Over the last month I've made some of the best Twitter friends. They mostly live in the UK in cities of which I'd never before heard: MansonCharles, JohnGoogle, TownleyJames, WozniakSteve and JamesSunny.
Wait, those are spammers?
In all seriousness, Twitter spam is getting even more out of control. As a user, sure, a distributed denial of service (DDoS) attack on a site upon which I rely is an inconvenience, but the spammers are what impact us day-to-day. I've noticed a few new trends with the newest batch of Twitter spammers:
- Most of them come from cities similarly patterned after my UK "friends" above
- Many are now using pictures of families and children rather than cracked out porn stars
- They start on Friday nights, hammer through on Saturdays and cool down on Sundays
- They are amassing good amounts of followers
Usually a spammer can be spotted from its exceptionally imbalanced ratio of followers to followees. But the new breed of spammers aren't as easily figured out -- at least not by the majority of non-savvy social network users. Using FriendorFollow I was able to enter names of some spammers into the analysis tool. I found that whoever is engineering these spam attacks is doing so pretty smartly, by making sure that all of the spammers are first following each other before following victims. This gives the impression to gullible users that, sure, these folks may have bad grammar but they seem like real people with a real following.

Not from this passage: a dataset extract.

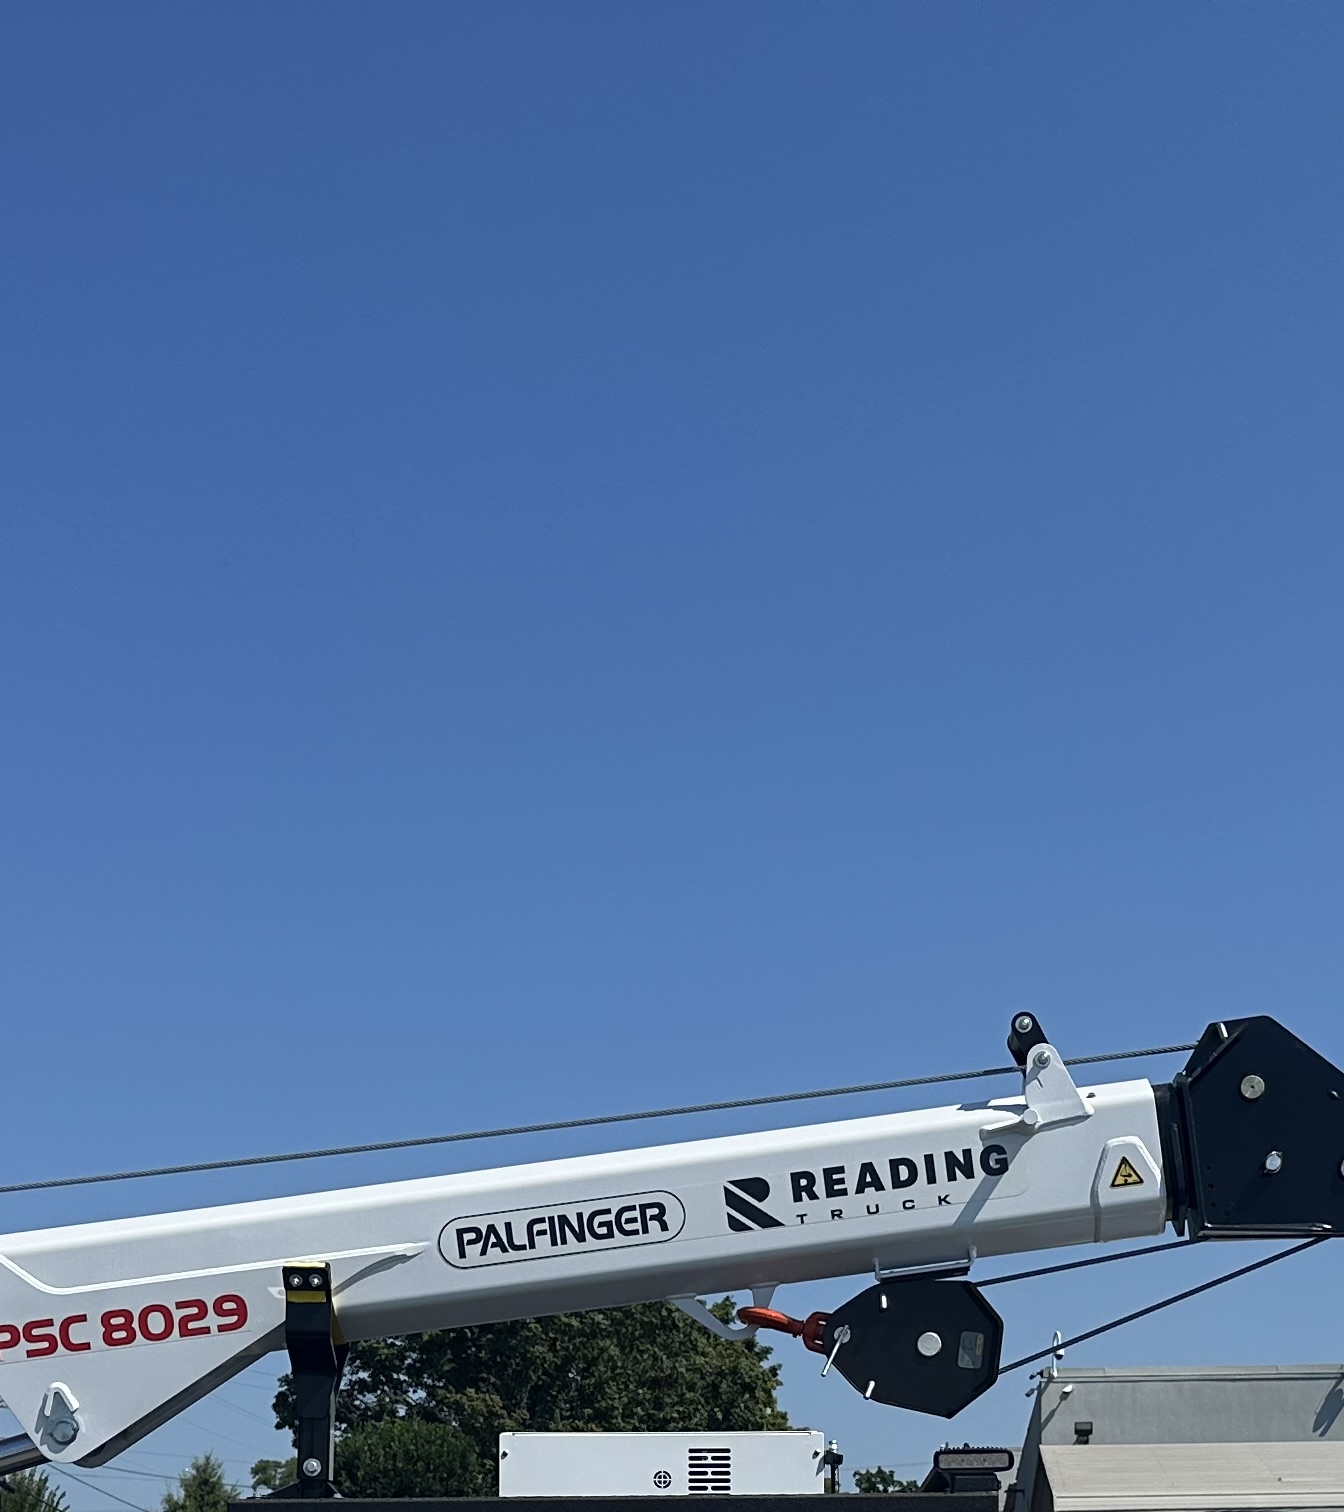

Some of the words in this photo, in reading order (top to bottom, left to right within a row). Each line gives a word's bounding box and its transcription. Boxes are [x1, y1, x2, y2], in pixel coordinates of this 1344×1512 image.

[789, 1144, 1009, 1203] READING
[455, 1202, 670, 1260] PALFINGER
[795, 1194, 953, 1225] TRUCK
[102, 1295, 249, 1347] 8029

The content is even a bit more... believable. There's a lot of talk about traditional Chinese food recipes. There are also seemingly Twitter tricks and tips being peddled via these spammer feeds. Who knows how many clicks these spammer links are getting before they are pulled down.
I reached out to Alex Payne to learn more about the Twitter spam issue and he referred me to his spam team. Unfortunately, despite my badgering, the Twitter spam team did not respond to requests. I did speak with Adam J. O'Donnell, director of emerging technologies at security company Cloudmark, about this spam stuff and did a quick Q&A:
Q. [Jennifer] I've noticed the same type of spammers over and over again the last month, at least. What are the chances that these are the work of the same person / organization?

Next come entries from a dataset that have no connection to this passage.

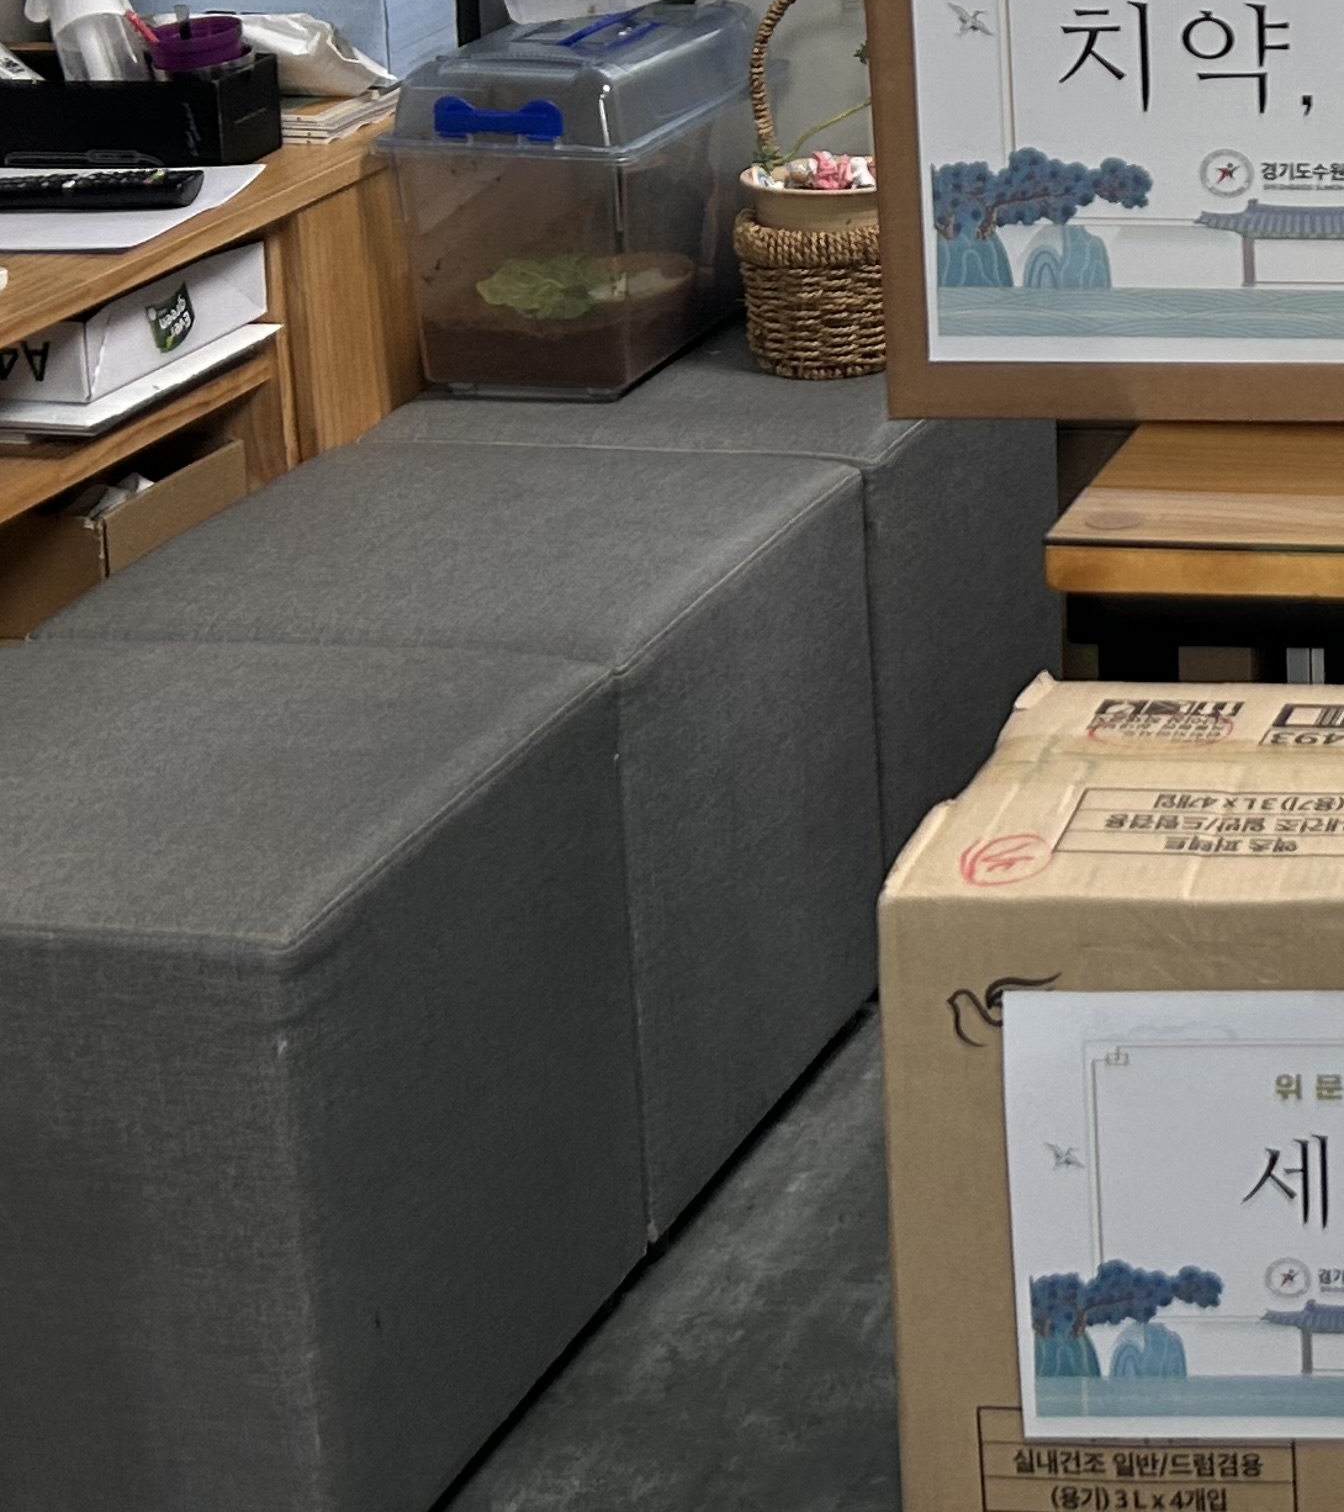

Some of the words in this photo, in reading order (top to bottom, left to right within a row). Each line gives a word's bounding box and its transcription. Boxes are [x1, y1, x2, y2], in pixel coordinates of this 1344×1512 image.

[1274, 1073, 1342, 1102] 위문
[1013, 1449, 1106, 1475] 실내건조
[1112, 1451, 1263, 1478] 일반/드럼겸용
[1051, 1485, 1109, 1511] (용기)
[1170, 1488, 1227, 1511] 4개입

A. [Adam] The chances of it being the same person or organization are pretty high. The actual individual behind the spam may change from day to day, but once the prime mover, be it an affiliate marketer or a multi-level marketing organization, has discovered a way to monetize a spam target, they will stick with it.
Q. Can you explain how Twitter spammers work?

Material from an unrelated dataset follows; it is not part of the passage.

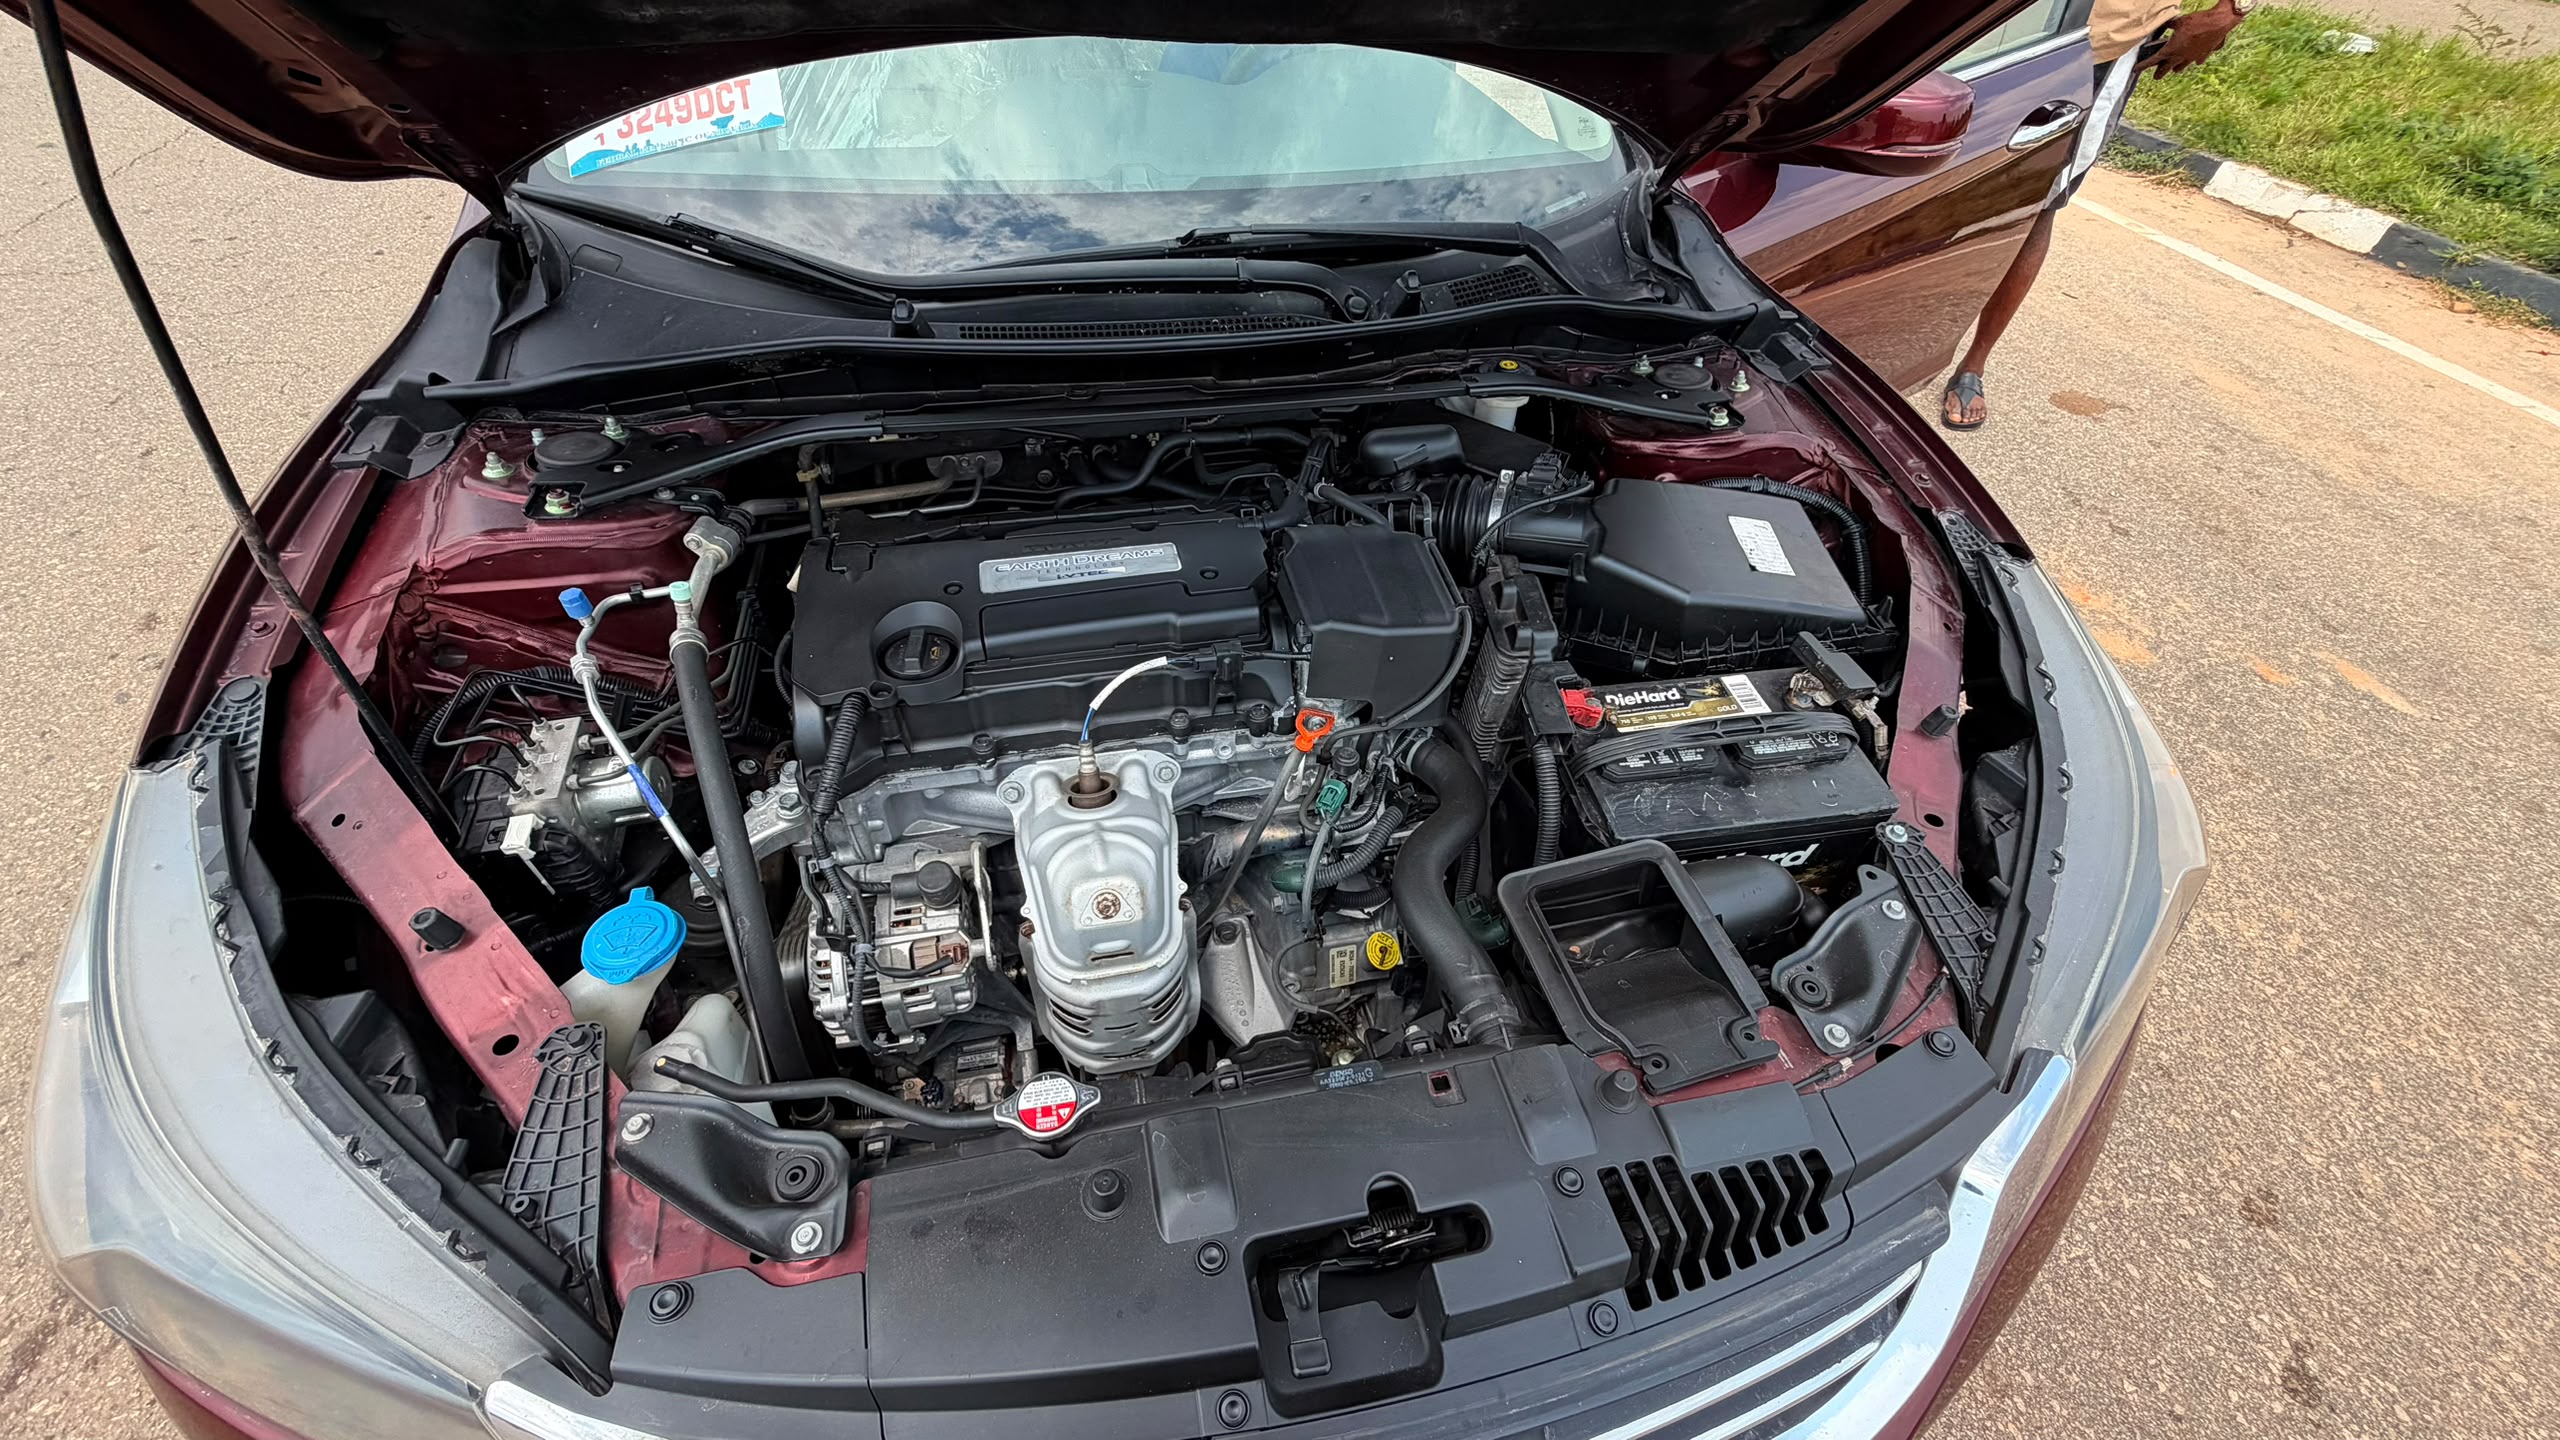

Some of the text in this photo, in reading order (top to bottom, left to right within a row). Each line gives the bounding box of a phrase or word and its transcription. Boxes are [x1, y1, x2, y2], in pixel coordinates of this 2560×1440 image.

A. It helps to think of spammers not as some remote entity but as unethical, immoral marketing wonks. Their goal is to get attention to push product, and they will do it by any vector imaginable. These marketers have many different spamming mechanisms on Twitter itself, one for each mechanism by which people can access data on Twitter. There is "following spam", where you get a message that some random person is following you, and upon visiting their page you see a link going off to their product site. There is "reply spam", where the spammer will search for certain keywords in your stream and reply to you with a spammy link. You also see SEO spam, similar to that seen on every major search engine, where popular trending terms are heavily tweeted by spammers so they appear high up on search results. Spammers are also compromising accounts of highly followed individuals and posting spammy tweets to all of their followers.
There are other subtypes of spam that exists on their site, but these are the most visible to their users.
Q. If there's a noticeable trend (aka the city names) can't Twitter automatically block them from showing up?
A. Designing automatic systems for blocking spam is non-trivial. Using a simple pattern to identify the current batch of spammers may lead to a large number of false positives when applied across the entire system. While there may appear to be an obvious pattern to the names, those of us on the outside don't know how often those patterns appear amongst legitimate accounts being created at the same time.
Q. Why do these spam attacks happen over the weekend?
A. Some part of [Twitter's] process is human dependent, and those people don't work on the weekend.
Q. Do these current spammers pose any particular danger other than annoyance?
A. There is little danger from spammers, but malware authors can be more than just an annoyance. The Koobface worm authors have been targeting Twitter for some time now. This worm propagates across social networks by posting a link to itself from compromised accounts, and once downloaded, grabs the new victim's account information, and starts the cycle over again. There isn't really anything stopping the Koobface authors from packing more functionality into their payload.
Q. Do you think the spam problem will get better before it gets worse?
A. That is pretty difficult to answer. Historically, spam problems get worse before they get better as it takes time for management to accept the level of resource commitment required to fight a problem. Keep in mind, this isn't a prediction, it is an observation of the behavior of spammers on other media.
Q. Is there anything individuals can do to keep themselves off of the spam radar?
A. Not really. Individuals should be more concerned about the malware that propagates on social networks than they should about the spam. The lesson here? Always run anti-virus, and make sure you keep it up to date. While a social network can clean up spam on their site, they can't remove a bot from your machine if you get infected.